• Directions for this task
The full set of entries is to be printed exactly, with pictures excluded.

• Record set
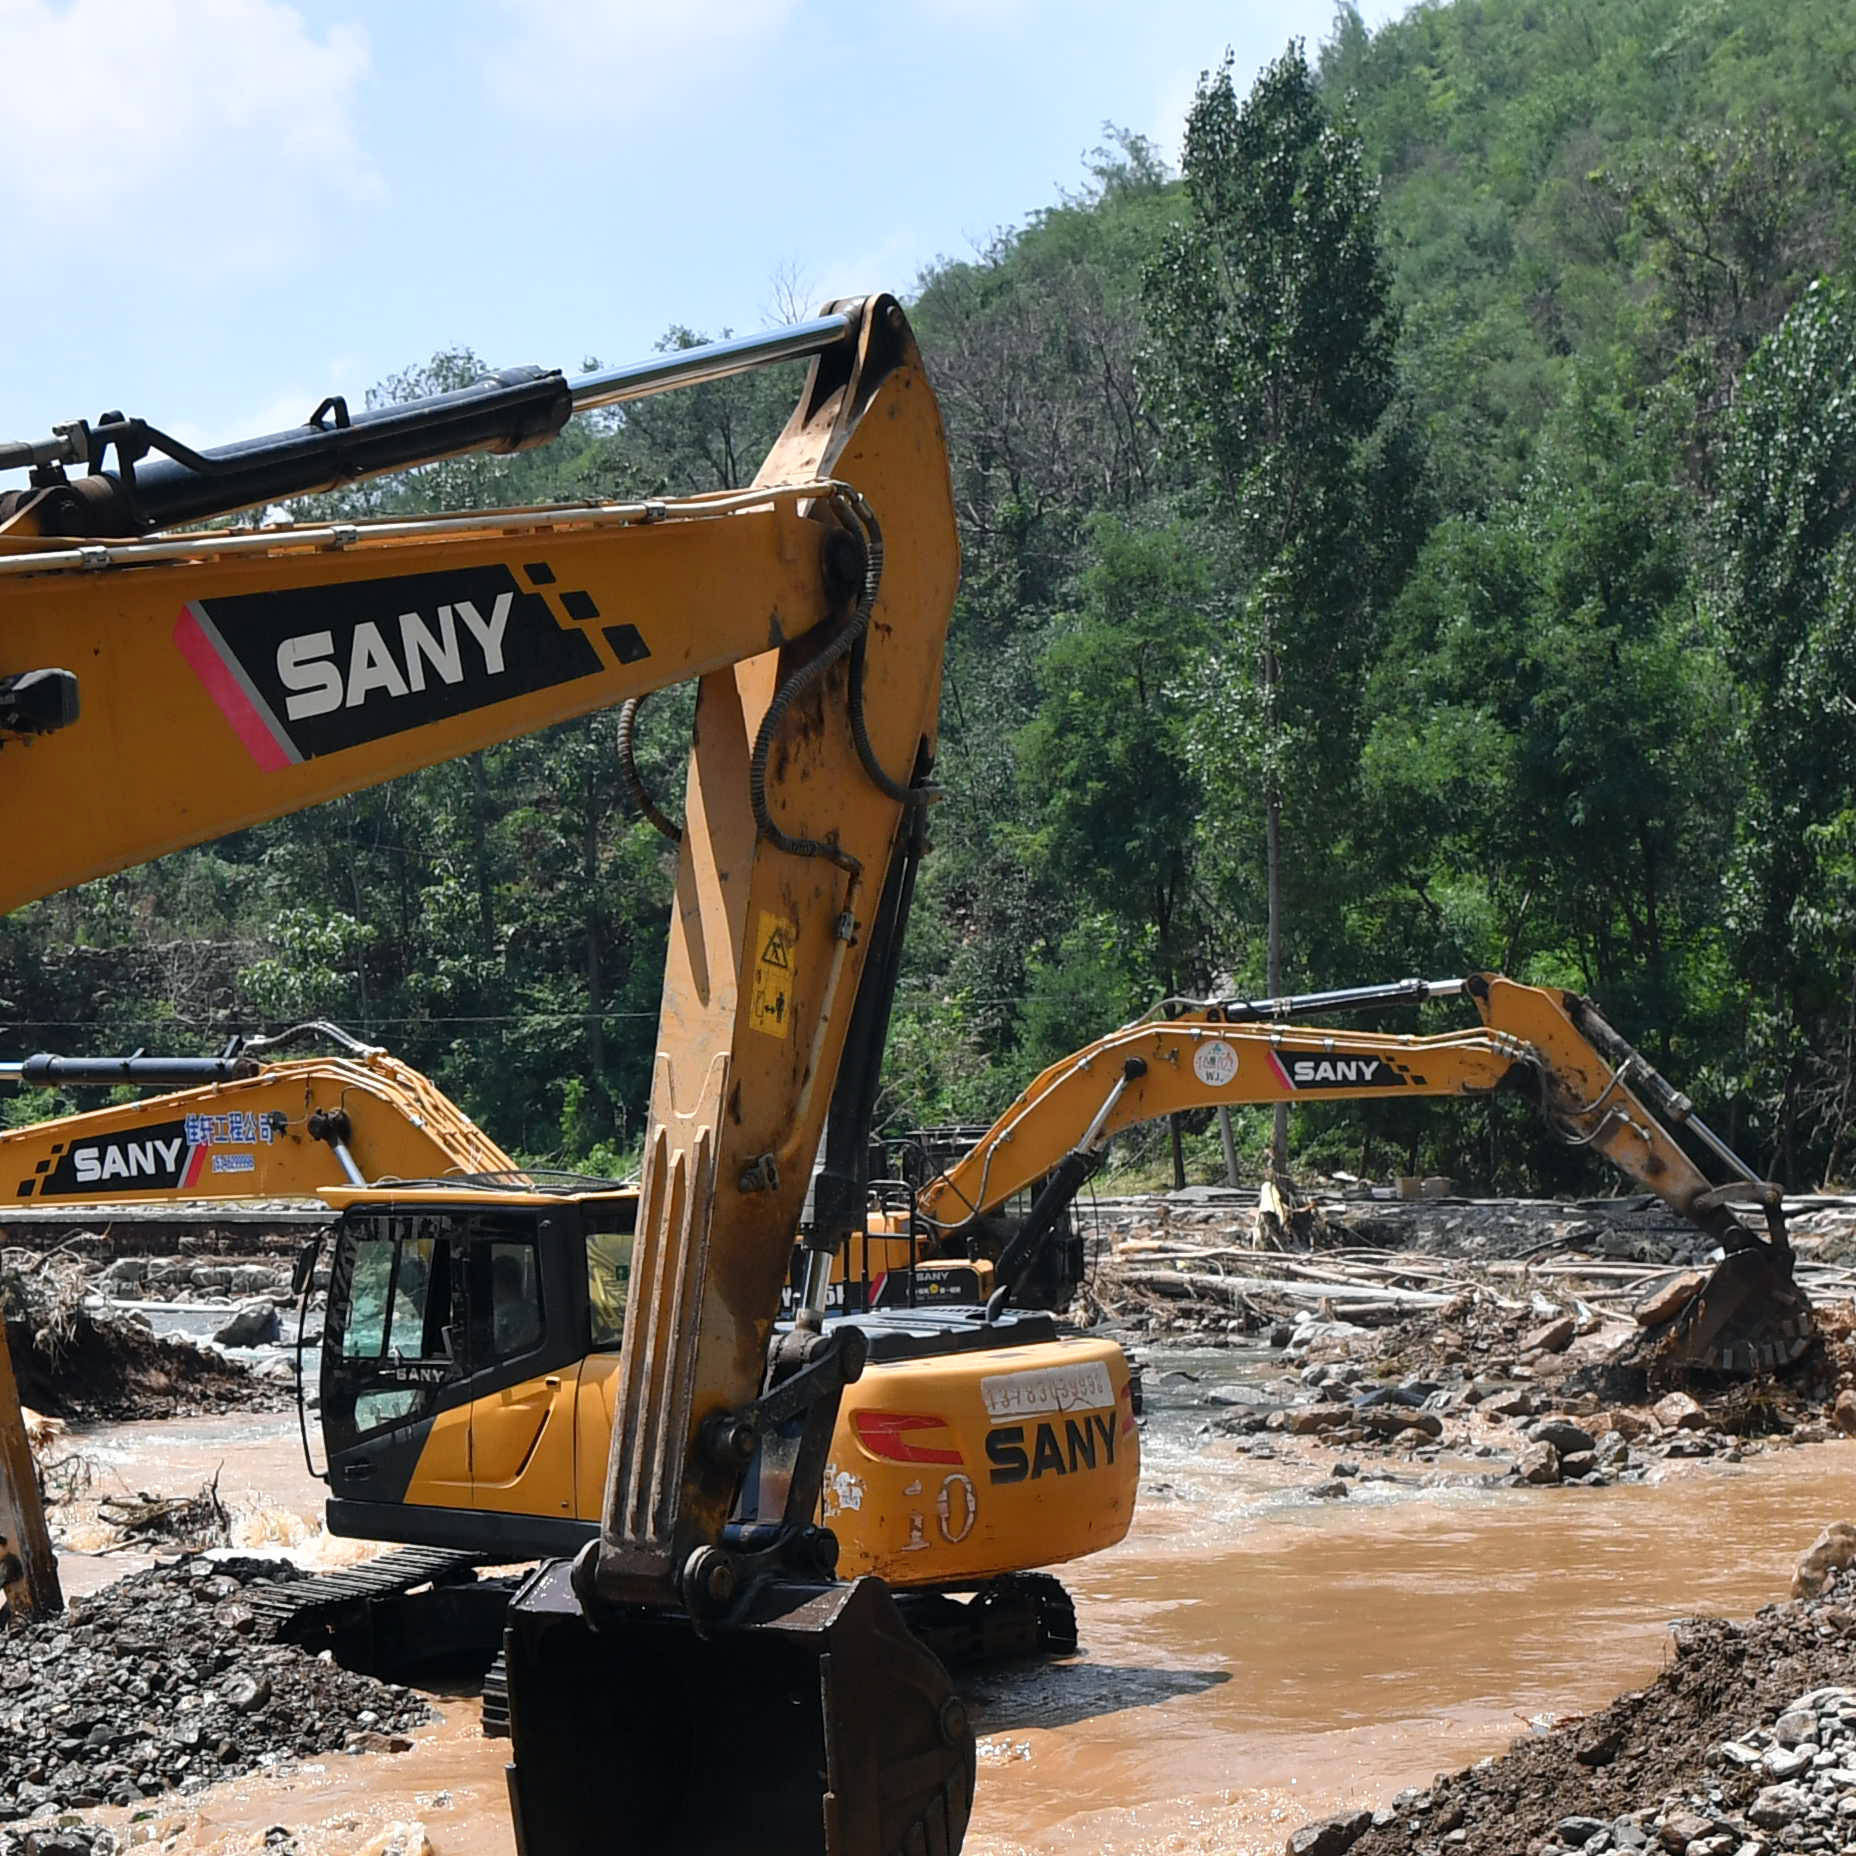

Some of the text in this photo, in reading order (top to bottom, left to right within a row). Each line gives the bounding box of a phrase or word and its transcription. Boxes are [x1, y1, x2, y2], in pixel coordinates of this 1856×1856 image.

[277, 592, 514, 721] SANY
[1294, 1061, 1380, 1081] SANY
[74, 1138, 183, 1182] SANY
[915, 1272, 950, 1283] SANY
[396, 1367, 445, 1383] SANY
[985, 1411, 1116, 1485] SANY

• The completed task
Some of the text in this photo, in reading order (top to bottom, left to right within a row). Each line gives the bounding box of a phrase or word and its transcription. Boxes are [x1, y1, x2, y2], in pixel coordinates of this 1856×1856 image.

[277, 592, 514, 721] SANY
[1294, 1061, 1380, 1081] SANY
[74, 1138, 183, 1182] SANY
[915, 1272, 950, 1283] SANY
[396, 1367, 445, 1383] SANY
[985, 1411, 1116, 1485] SANY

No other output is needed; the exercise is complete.